Há quem aponte também que diversos projetos do Challenge for Change foram muito
marcados por interesses individuais. O Videographe e o Vancouver Metro Media deram
expressão a novos artistas, mas acabaram por privilegiar o produto em detrimento do
processo. Fortaleciam-se egos, comprometendo o objetivo de desenvolvimento comunitário.
O propósito original do Challenge for Change era o uso do cinema, do vídeo e da TV a cabo
para incrementar o diálogo governo-cidadãos e fazer aflorar os problemas sociais. A
comunicação, pensava-se, melhoraria os serviços prestados pelo governo canadense.

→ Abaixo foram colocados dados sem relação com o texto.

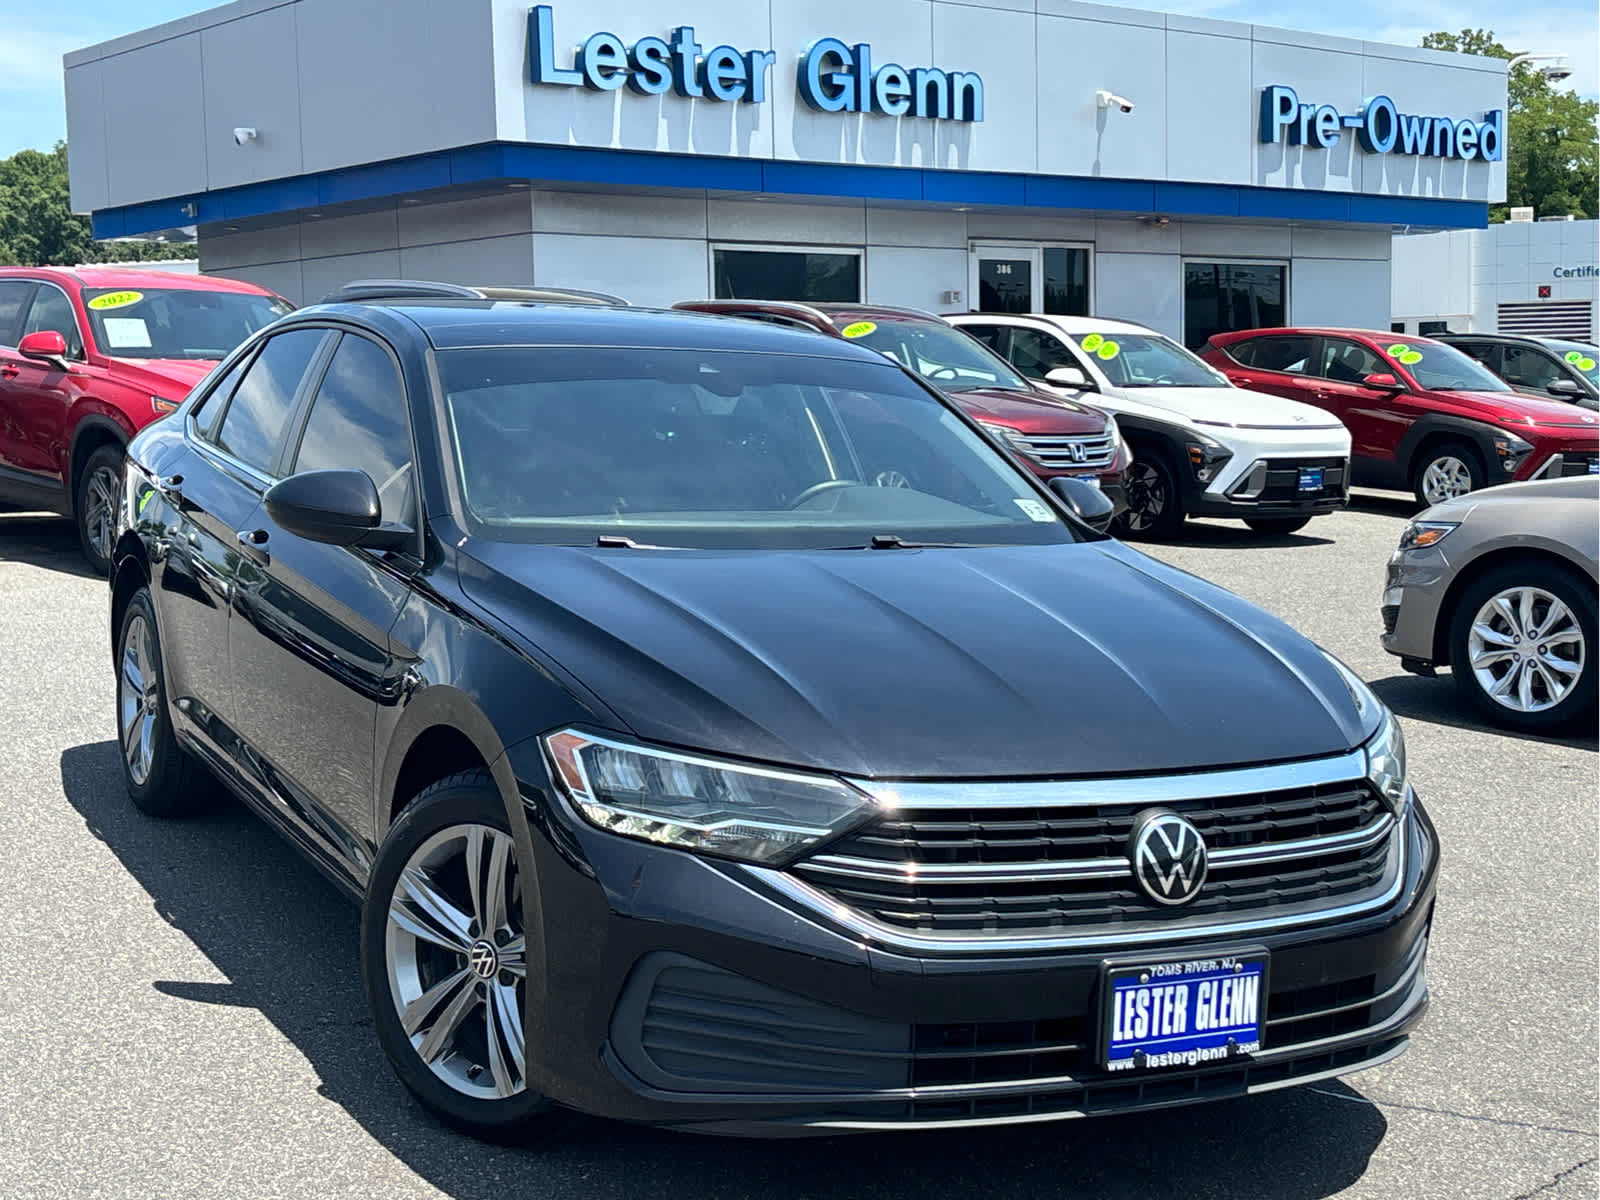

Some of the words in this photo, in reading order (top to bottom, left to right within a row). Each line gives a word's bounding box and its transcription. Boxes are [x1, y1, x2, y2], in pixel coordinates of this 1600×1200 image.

[527, 4, 776, 104] Lester
[797, 37, 985, 123] Glenn
[1260, 85, 1503, 162] Pre-Owned
[1150, 963, 1182, 978] TOMS
[1222, 957, 1236, 970] NJ
[1112, 984, 1189, 1042] LESTER
[1195, 975, 1259, 1031] GLENN
[1145, 1046, 1228, 1069] lesterglenn
[1236, 1040, 1260, 1054] .com

Impressionados pelas tecnologias e influenciados por McLuhan, muitos viram nas tecnologias
da informação e da comunicação (TICs) as ferramentas para a reintegração de uma sociedade
fragmentada.
No entanto, Boyce Richardson critica a idéia que atua como pano de fundo do programa e que
é amplamente divulgada pelo establishment: não haveria nada de errado na estrutura política.
Os problemas existiriam em virtude da falta de comunicação.
No que se refere à mobilização, Bonnie Klein faz questão de frisar que as tecnologias não
criam dinamismo onde ele não está latente; elas não criam ações ou idéias.
Havia, ainda, um desentendimento sobre o futuro da televisão comunitária. A fragilidade da
TV a cabo como um fórum público deixava muitas questões abertas: Quem controla a
programação? Como garantir que todos os segmentos de uma comunidade tenham acesso à
mídia? Como financiar essas experiências?
Poderiam ser reaplicadas, no contexto bastante específico de tradições políticas e sistemas
comunicativos dos EUA, as inovações de Challenge for Change?
George Stoney voltou aos EUA para dar início a um dos maiores empreendimentos na história
do movimento de acesso público. Em 71, junto com o cineasta Red Burns, ele fundou o
Alternate Media Center em NY. A Fundação John e Mary Markle garantiu 250 mil dólares ao
projeto. A objetivo era assegurar que as TICs servissem ao interesse público. O projeto inicial
do Centro era a promoção do uso do cabo por comunicadores não-profissionais locais,
visando ao fortalecimento da comunidade.
Por um período de 5 anos, o Centro tornou-se o ponto focal do movimento por acesso público
norte-americano, sendo realizadas iniciativas de produção e também de participação na
construção de políticas. Promoviam-se discussões, assembléias, negociações.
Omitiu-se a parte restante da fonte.